突き当りを右にカーブすれば「旧国道176号線」に出る。
途中、コンビニの手前を右に折れると「川面神社」。「高皇産霊神」「神皇産霊神」「天照大御神」を祀り、794年創建の古社だ。
ここは、毎年、秋祭りにだんじりが巡行する。氏子さんたちがだんじりの整備をしていた。
再度、旧国道176号線に出て西へと進んで行くと「国道176号線」に出る。大阪では「イナロク」と呼ばれる。
7~8分ほどで「宝塚駅」前に出る。阪急宝塚線とJR福知山線の駅が並ぶ。
一旦、駅前を通り過ぎ、駅の南側を流れる「武庫川」を「宝来橋」で渡る。
橋を渡った右に「与謝野晶子の歌碑」。
その向かいには「宝塚温泉碑」。そう、宝塚は温泉地である。鎌倉時代に開湯されたというナトリウム-塩化物泉だ。
かつて武庫川沿いにはホテルや旅館が並んだ。
しかし、日帰りレジャーの多様化と大阪・神戸・西宮への通勤圏内にあることからマンション街へと生まれ変わった。大阪で「宝塚」といえば高級マンション街だ。
その中でひときわ目立つのが「宝塚ホテル」。
1926(昭和元)年創業の老舗ホテルである。
宝塚駅は阪急宝塚線の終着駅であり、ここから西宮北口駅へ続く「今津線」の始発駅でもある。今津線の「宝塚南口駅」前に出れば「宝塚大橋」で武庫川を再度渡る。
橋を渡り階段で河川敷へ下りてみよう。宝塚観光ダムで武庫川は堰き止められている。
川面には「宝塚観光大噴水」。昭和39年設置されたそうだ。阪神大震災の被害からも復興し、午前9時から午後9時まで毎時00分と30分に10分間噴水する。水の動きが変化したり、夜間はライトアップされる(季節により異なる)。
橋に戻り突き当たりまで行くと正面に「手塚治虫記念館」。
記念館の前には「火の鳥」のモニュメント。手塚治虫氏は、宝塚で育ったそうだ。
さらに奥へ進めば「すみれ♪ミュージアム」と呼ばれる「宝塚文化創造館」。
ここは宝塚音楽学校の旧校舎であり、宝塚音楽学校と宝塚歌劇団に関する資料が展示されている。
元の道に戻り「手塚治虫記念館」を過ぎて真っ直ぐ西へと歩く。

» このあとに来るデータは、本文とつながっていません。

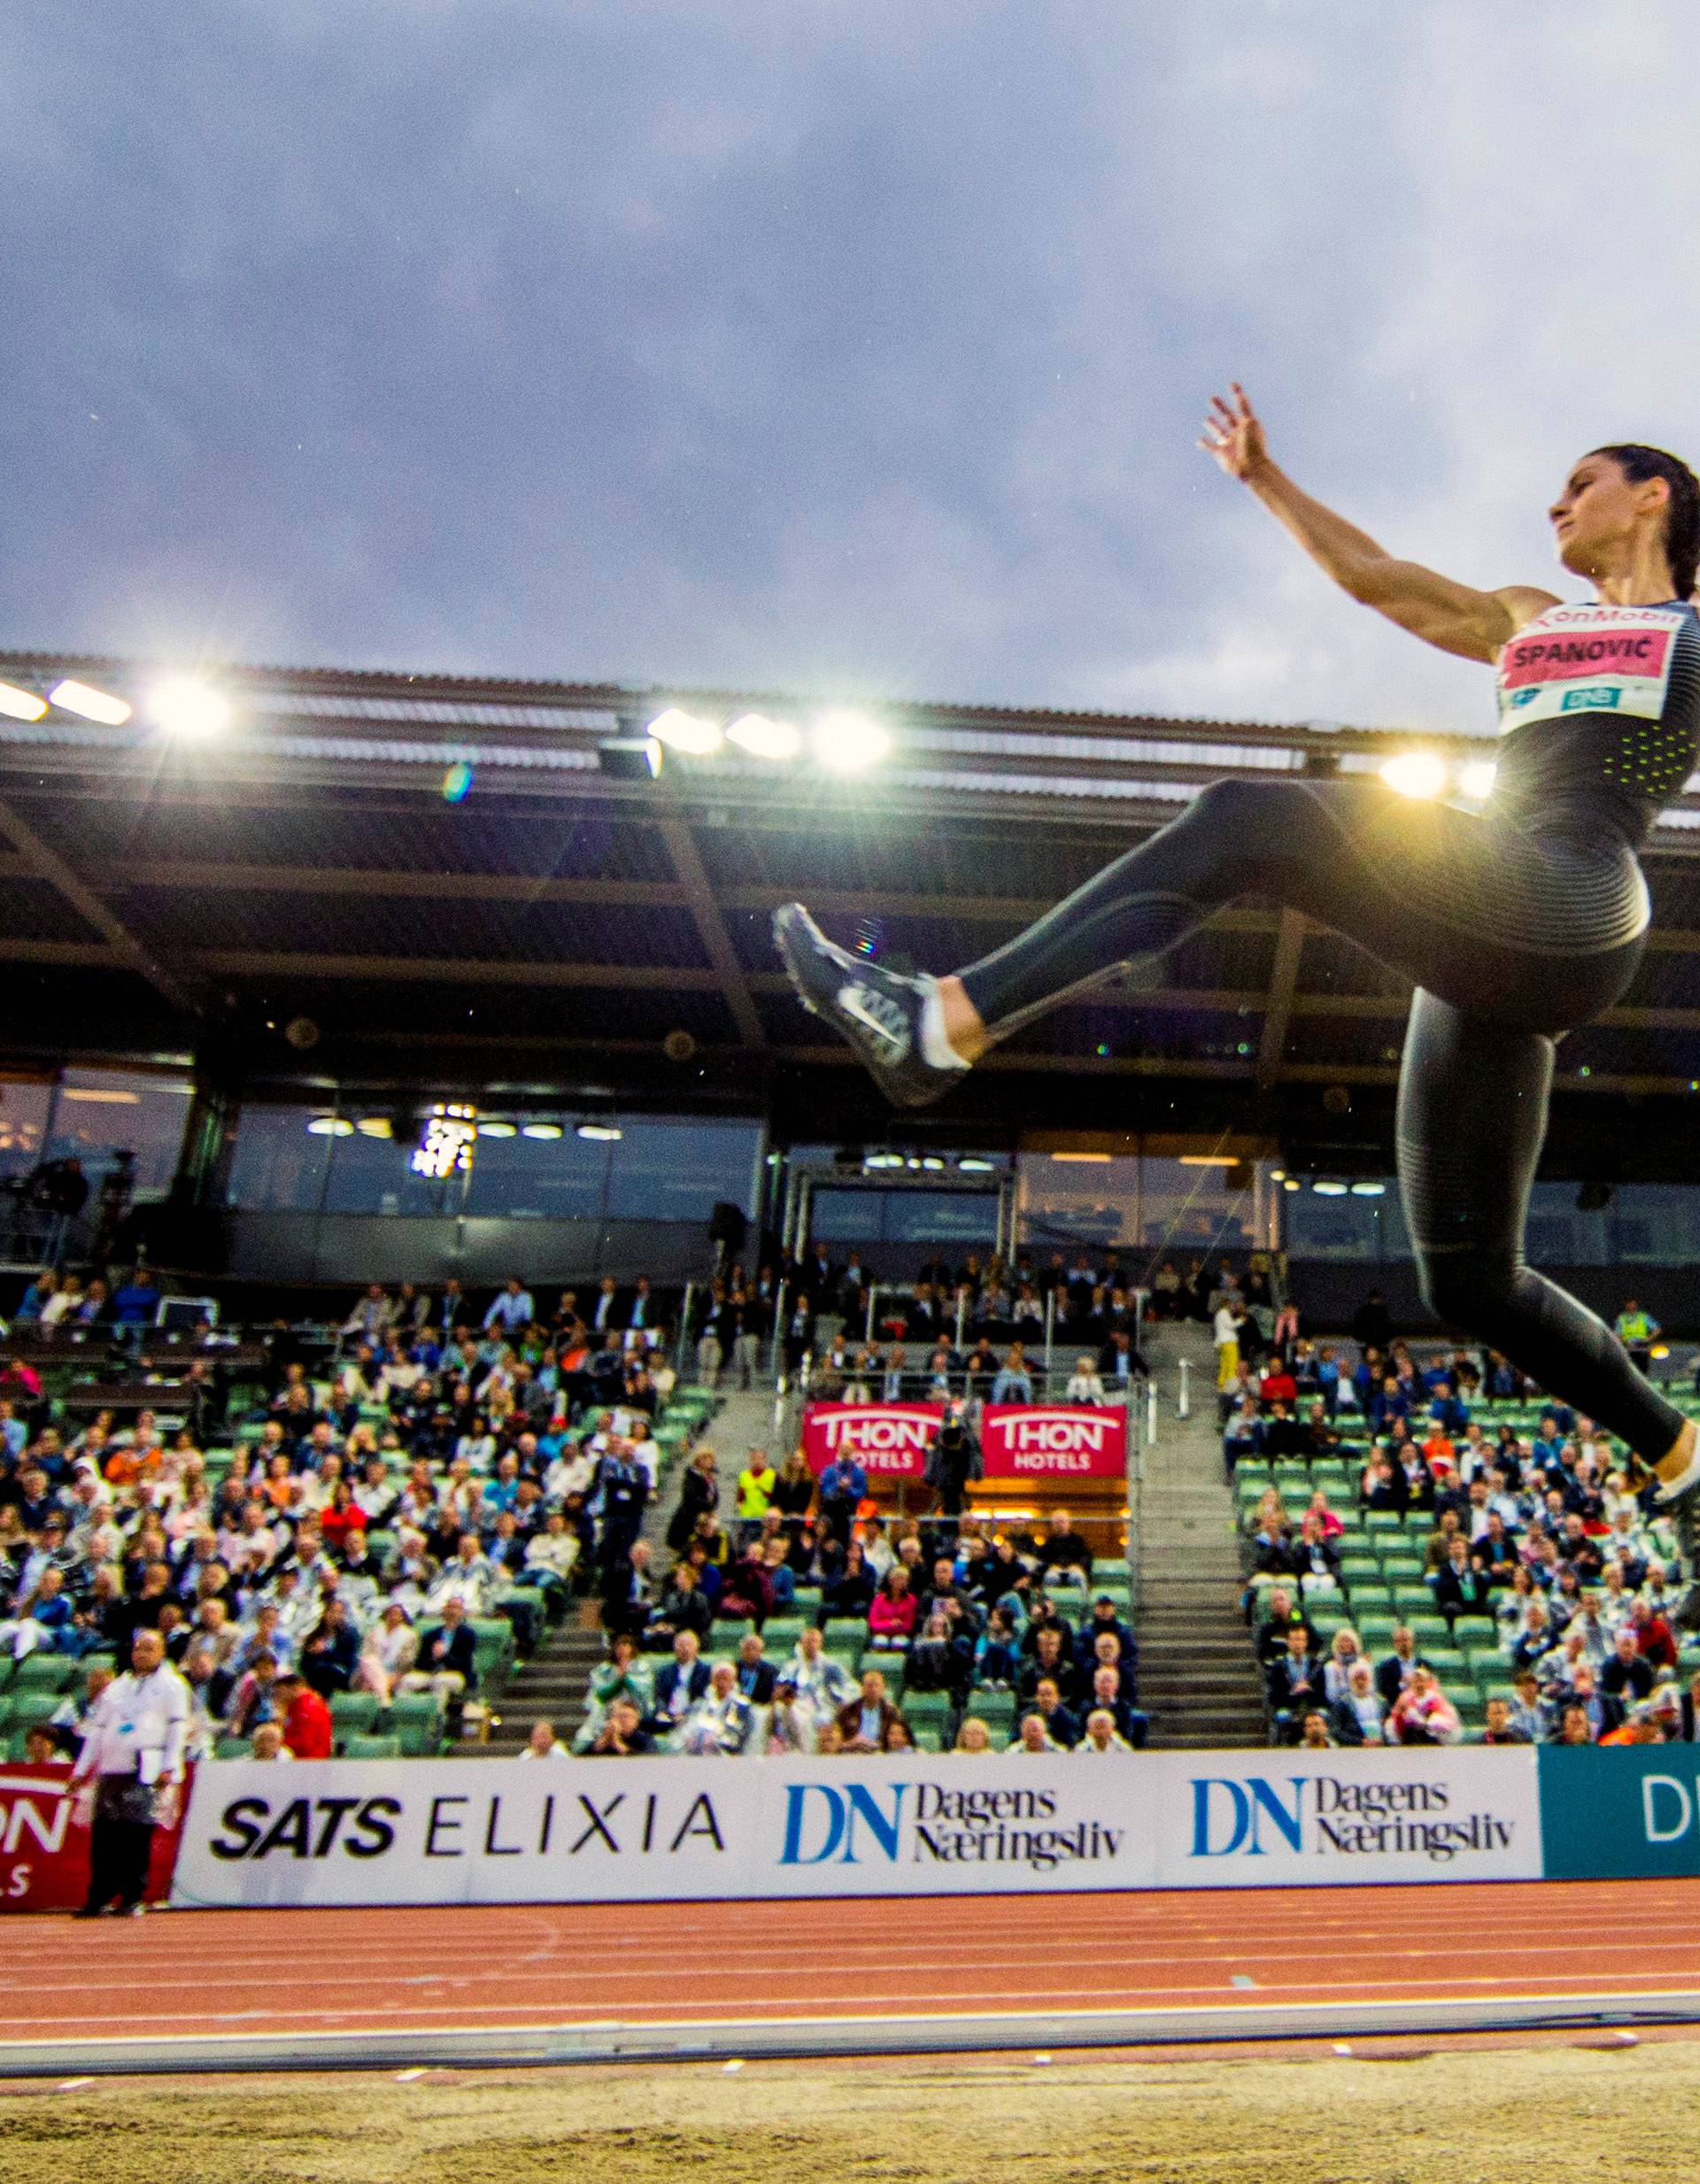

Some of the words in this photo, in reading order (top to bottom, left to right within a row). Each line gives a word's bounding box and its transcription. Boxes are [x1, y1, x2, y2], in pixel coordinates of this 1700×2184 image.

[811, 1408, 942, 1449] THON
[989, 1410, 1121, 1451] THON
[1015, 1452, 1092, 1471] HOTELS
[916, 1783, 1056, 1829] Dagens
[1188, 1777, 1310, 1857] DN
[1315, 1777, 1449, 1820] Dagens
[1642, 1774, 1700, 1841] D
[210, 1797, 401, 1858] SATS
[424, 1793, 724, 1856] ELIXIA
[779, 1783, 911, 1864] DN
[915, 1822, 1123, 1871] Næringsliv
[1317, 1815, 1515, 1861] Næringsliv
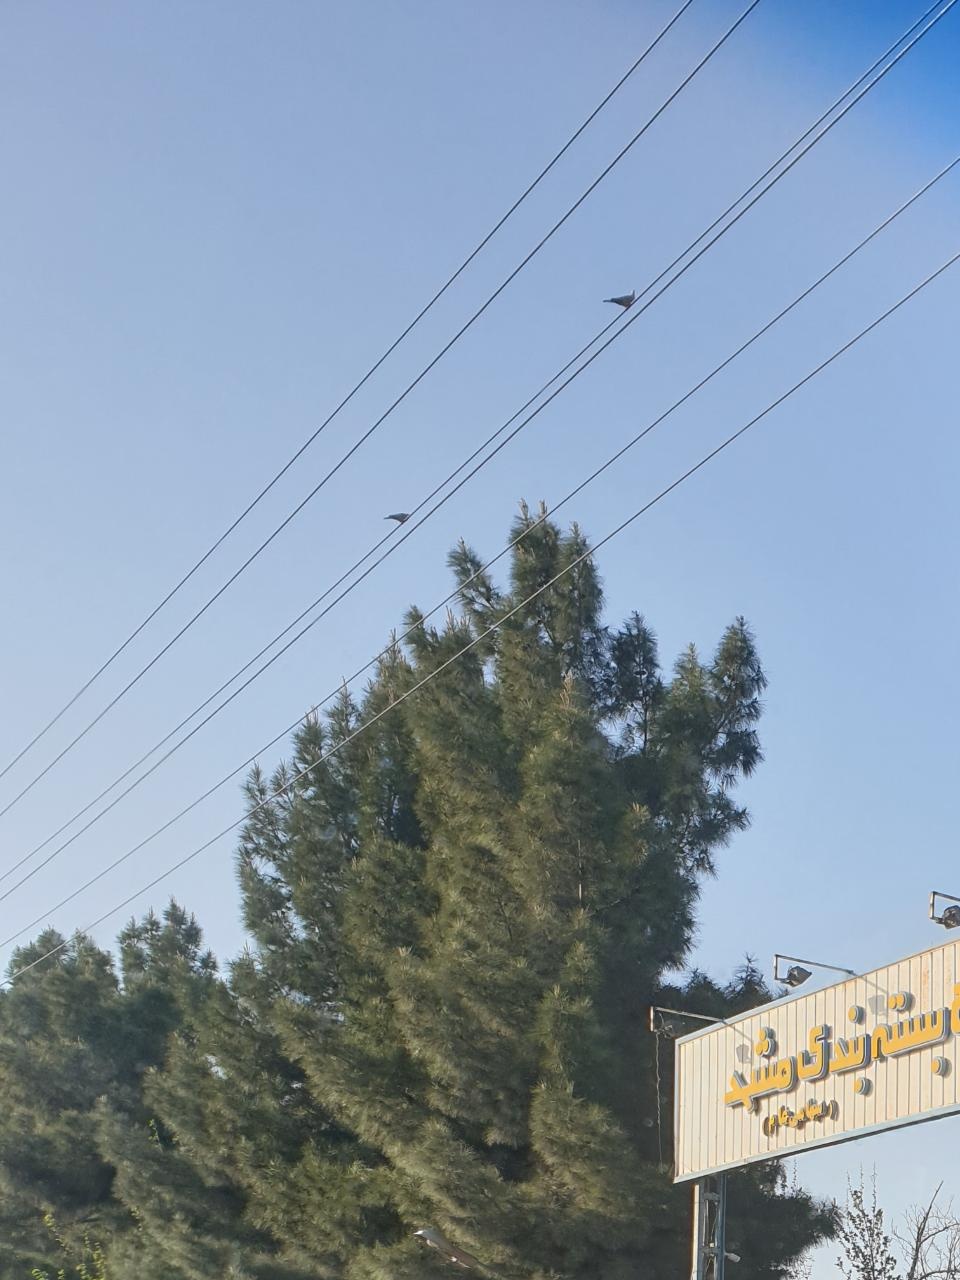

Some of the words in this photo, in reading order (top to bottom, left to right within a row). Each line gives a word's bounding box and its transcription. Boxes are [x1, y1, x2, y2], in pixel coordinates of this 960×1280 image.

[724, 1026, 796, 1113] مشهد
[797, 1005, 872, 1095] بندی
[870, 991, 951, 1077] بسته
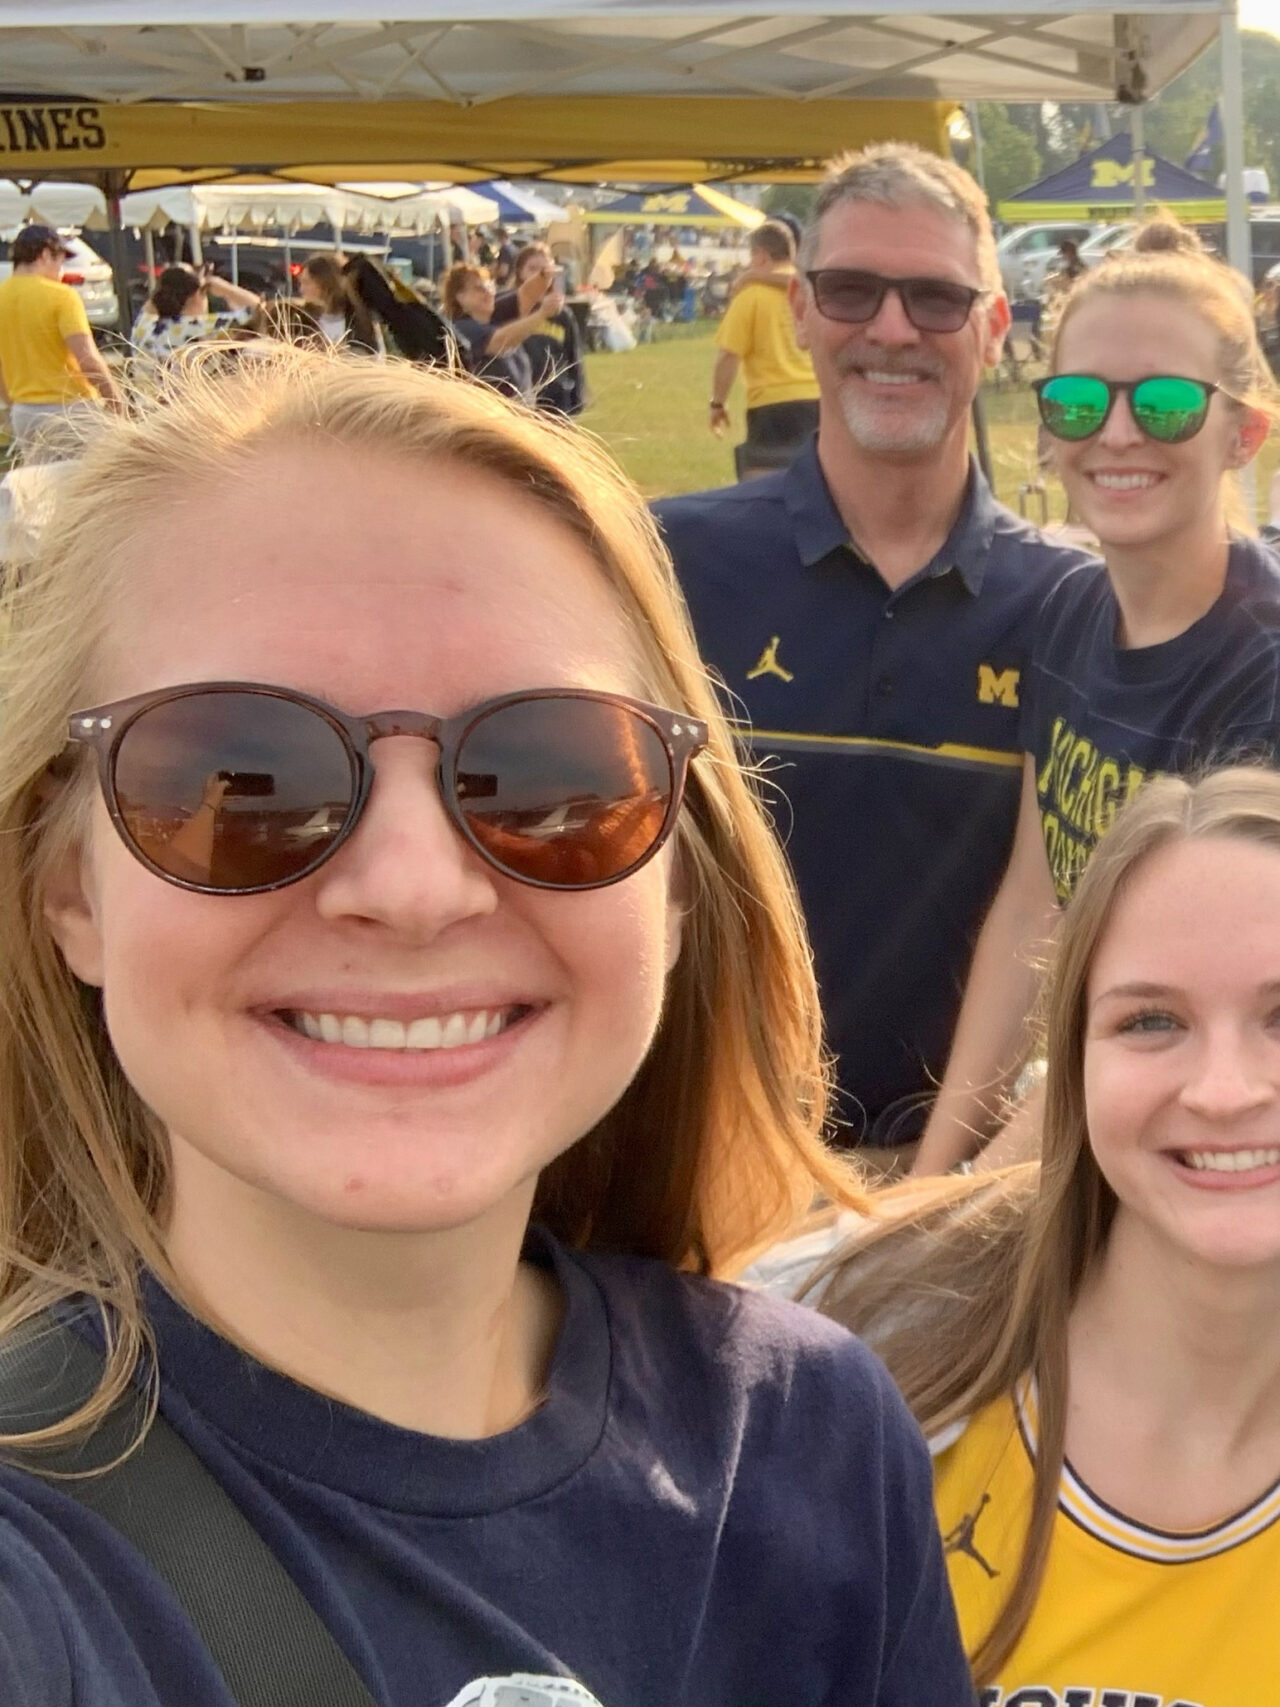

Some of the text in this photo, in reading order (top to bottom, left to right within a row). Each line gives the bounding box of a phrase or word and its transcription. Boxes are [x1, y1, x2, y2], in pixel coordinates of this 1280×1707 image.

[0, 107, 106, 152] INES
[1090, 158, 1156, 188] M
[977, 664, 1020, 708] M

そこは「花乃みち」。
川沿いには「宝塚大劇場」。宝塚歌劇団のホームシアターで、連日「花組」「月組」「雪組」「星組」「宙組」の公演が行われる。
タカラジェンヌを目指す少女や「ヅカファン」憧れの道である。
四季折々の花や木が植えられている。
♪ スミレの花 咲くころ・・・ ♪
およそ300mの道を抜ける。道の入口にあたる所に「花乃みち」道標。
そのまま進めば本日のゴール阪急電車「宝塚駅」。午後4時に到着。劇場風の駅舎。ここから「梅田駅」まで約40分280円。「信仰の道」の終着点には「花の町」が開けていた。本日の歩紀「30294歩」(26.05km)。この時期に歩くのは、やめにしよう。本当に死んでしまうぞ。